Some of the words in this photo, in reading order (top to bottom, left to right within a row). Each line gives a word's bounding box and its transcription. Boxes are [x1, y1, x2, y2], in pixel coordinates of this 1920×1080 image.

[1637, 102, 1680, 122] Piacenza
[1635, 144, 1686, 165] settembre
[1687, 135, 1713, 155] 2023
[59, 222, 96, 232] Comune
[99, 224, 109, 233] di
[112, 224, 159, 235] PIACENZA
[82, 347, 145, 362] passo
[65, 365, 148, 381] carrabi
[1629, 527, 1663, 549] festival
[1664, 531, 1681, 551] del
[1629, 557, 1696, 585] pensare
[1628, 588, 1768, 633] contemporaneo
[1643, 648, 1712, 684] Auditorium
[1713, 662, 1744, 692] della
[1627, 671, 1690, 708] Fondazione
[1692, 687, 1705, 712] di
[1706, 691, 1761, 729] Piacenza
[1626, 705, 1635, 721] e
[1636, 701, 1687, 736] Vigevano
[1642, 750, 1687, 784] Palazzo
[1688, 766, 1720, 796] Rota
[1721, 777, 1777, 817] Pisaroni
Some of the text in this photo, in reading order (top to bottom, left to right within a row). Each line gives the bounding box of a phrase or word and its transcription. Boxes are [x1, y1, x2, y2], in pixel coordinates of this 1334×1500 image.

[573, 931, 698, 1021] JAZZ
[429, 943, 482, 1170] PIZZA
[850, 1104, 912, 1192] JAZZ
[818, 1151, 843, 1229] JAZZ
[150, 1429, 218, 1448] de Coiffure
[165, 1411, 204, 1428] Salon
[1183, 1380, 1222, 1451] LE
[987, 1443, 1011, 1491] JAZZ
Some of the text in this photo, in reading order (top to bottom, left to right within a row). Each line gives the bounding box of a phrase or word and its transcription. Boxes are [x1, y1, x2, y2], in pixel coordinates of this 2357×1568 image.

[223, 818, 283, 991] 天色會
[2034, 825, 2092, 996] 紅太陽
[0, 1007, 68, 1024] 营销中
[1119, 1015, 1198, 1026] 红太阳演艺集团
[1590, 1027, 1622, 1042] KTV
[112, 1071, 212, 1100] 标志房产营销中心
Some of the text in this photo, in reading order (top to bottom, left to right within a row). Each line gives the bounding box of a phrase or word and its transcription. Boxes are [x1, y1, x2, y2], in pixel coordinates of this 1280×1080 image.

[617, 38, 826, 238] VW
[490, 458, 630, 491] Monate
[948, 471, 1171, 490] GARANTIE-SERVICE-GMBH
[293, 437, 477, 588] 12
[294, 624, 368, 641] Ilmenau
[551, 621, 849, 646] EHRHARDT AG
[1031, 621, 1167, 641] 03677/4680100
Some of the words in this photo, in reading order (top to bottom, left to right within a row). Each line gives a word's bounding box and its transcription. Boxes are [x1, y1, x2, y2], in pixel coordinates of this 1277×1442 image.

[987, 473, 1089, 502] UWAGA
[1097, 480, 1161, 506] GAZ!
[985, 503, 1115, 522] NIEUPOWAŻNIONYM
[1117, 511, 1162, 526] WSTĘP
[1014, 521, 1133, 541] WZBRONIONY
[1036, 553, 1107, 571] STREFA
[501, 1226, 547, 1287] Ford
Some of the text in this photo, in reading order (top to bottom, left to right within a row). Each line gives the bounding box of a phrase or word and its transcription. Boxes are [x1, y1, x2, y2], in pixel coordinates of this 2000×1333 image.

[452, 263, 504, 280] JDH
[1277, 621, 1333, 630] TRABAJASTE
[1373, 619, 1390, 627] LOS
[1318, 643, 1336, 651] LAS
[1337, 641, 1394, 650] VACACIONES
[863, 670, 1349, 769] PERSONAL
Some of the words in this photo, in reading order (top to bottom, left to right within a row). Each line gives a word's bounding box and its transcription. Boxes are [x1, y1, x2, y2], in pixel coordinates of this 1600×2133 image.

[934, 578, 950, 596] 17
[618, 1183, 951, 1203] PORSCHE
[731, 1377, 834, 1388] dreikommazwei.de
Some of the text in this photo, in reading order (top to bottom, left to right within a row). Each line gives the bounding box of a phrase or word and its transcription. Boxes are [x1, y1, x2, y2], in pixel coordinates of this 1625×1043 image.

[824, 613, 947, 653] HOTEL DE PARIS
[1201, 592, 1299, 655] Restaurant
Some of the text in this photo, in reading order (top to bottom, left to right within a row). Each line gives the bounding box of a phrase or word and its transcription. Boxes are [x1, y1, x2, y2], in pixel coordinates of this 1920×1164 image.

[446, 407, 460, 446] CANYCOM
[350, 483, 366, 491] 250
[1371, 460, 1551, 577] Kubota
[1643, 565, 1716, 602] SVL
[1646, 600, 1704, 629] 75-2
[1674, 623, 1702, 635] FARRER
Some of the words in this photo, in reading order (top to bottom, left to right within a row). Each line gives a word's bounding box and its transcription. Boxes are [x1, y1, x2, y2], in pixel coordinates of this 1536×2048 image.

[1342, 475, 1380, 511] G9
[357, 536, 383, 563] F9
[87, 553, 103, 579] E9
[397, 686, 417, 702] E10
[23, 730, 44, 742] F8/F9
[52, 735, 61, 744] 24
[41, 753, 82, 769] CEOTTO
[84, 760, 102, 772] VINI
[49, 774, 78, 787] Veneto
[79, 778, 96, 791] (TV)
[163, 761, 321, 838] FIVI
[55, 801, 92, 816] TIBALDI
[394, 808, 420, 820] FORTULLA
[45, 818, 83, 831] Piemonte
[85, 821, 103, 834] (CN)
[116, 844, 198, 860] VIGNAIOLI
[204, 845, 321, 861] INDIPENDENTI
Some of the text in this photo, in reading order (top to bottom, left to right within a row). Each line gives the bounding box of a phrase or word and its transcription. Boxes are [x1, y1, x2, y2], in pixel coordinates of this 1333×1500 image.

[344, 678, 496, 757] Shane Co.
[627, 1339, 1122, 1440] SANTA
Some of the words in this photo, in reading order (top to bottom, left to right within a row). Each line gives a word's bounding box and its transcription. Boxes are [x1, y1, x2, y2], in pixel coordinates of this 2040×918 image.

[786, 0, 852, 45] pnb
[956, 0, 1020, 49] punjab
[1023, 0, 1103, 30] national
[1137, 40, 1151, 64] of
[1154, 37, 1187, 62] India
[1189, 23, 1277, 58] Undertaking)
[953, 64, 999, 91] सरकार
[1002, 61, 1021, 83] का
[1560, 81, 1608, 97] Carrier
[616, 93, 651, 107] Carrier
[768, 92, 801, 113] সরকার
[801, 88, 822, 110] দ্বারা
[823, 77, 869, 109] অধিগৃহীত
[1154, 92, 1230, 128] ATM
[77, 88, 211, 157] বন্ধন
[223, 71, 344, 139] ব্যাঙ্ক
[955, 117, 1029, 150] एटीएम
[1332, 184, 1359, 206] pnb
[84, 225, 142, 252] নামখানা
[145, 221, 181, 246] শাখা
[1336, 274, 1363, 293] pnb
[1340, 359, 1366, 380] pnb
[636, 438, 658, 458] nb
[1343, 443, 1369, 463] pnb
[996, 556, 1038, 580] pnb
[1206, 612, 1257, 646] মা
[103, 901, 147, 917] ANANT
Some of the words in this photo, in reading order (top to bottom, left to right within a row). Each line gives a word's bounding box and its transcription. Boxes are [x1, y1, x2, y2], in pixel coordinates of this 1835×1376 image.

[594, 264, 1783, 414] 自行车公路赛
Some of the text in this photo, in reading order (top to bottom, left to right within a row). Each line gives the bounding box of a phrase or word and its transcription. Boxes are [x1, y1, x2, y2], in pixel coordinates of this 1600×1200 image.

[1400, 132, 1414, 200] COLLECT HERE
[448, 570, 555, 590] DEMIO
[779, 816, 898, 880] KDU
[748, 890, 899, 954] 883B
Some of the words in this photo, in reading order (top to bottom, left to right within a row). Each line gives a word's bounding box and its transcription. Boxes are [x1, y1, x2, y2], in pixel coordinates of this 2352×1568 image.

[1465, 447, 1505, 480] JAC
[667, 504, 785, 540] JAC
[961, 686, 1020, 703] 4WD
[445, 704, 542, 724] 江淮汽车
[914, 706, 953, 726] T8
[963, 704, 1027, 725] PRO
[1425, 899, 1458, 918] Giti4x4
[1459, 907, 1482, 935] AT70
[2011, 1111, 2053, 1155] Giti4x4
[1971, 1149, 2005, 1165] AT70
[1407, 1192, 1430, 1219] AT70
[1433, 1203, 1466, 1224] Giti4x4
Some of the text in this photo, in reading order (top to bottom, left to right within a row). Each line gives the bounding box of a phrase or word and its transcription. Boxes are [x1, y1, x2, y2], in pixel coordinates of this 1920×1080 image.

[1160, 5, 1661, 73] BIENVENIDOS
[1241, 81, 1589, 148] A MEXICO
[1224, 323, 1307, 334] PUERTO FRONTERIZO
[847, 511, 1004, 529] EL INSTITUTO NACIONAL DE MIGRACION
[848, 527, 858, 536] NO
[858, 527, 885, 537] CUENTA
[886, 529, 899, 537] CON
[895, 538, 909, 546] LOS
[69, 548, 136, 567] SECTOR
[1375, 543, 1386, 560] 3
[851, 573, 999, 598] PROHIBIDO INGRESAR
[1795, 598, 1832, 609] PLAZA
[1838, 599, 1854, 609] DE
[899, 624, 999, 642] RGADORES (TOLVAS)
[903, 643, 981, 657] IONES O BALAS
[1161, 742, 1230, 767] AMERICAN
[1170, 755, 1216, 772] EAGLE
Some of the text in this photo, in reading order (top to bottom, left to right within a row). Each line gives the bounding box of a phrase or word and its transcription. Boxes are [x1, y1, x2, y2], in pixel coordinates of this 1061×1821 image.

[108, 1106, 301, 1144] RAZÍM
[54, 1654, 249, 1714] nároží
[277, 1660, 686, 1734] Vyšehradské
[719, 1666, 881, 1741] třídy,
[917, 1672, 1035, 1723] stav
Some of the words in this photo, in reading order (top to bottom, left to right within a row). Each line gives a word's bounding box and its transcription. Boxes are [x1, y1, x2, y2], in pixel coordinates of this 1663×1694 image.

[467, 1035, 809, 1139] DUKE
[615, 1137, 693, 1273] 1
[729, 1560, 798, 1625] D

* _Task instructions_:
Nothing but the lines from the line with "this 1663×1694 image." to the last line of the listing above should appear; please retype them exactly, both ends included.

* _Reply to the exercise_:
Some of the words in this photo, in reading order (top to bottom, left to right within a row). Each line gives a word's bounding box and its transcription. Boxes are [x1, y1, x2, y2], in pixel coordinates of this 1663×1694 image.

[467, 1035, 809, 1139] DUKE
[615, 1137, 693, 1273] 1
[729, 1560, 798, 1625] D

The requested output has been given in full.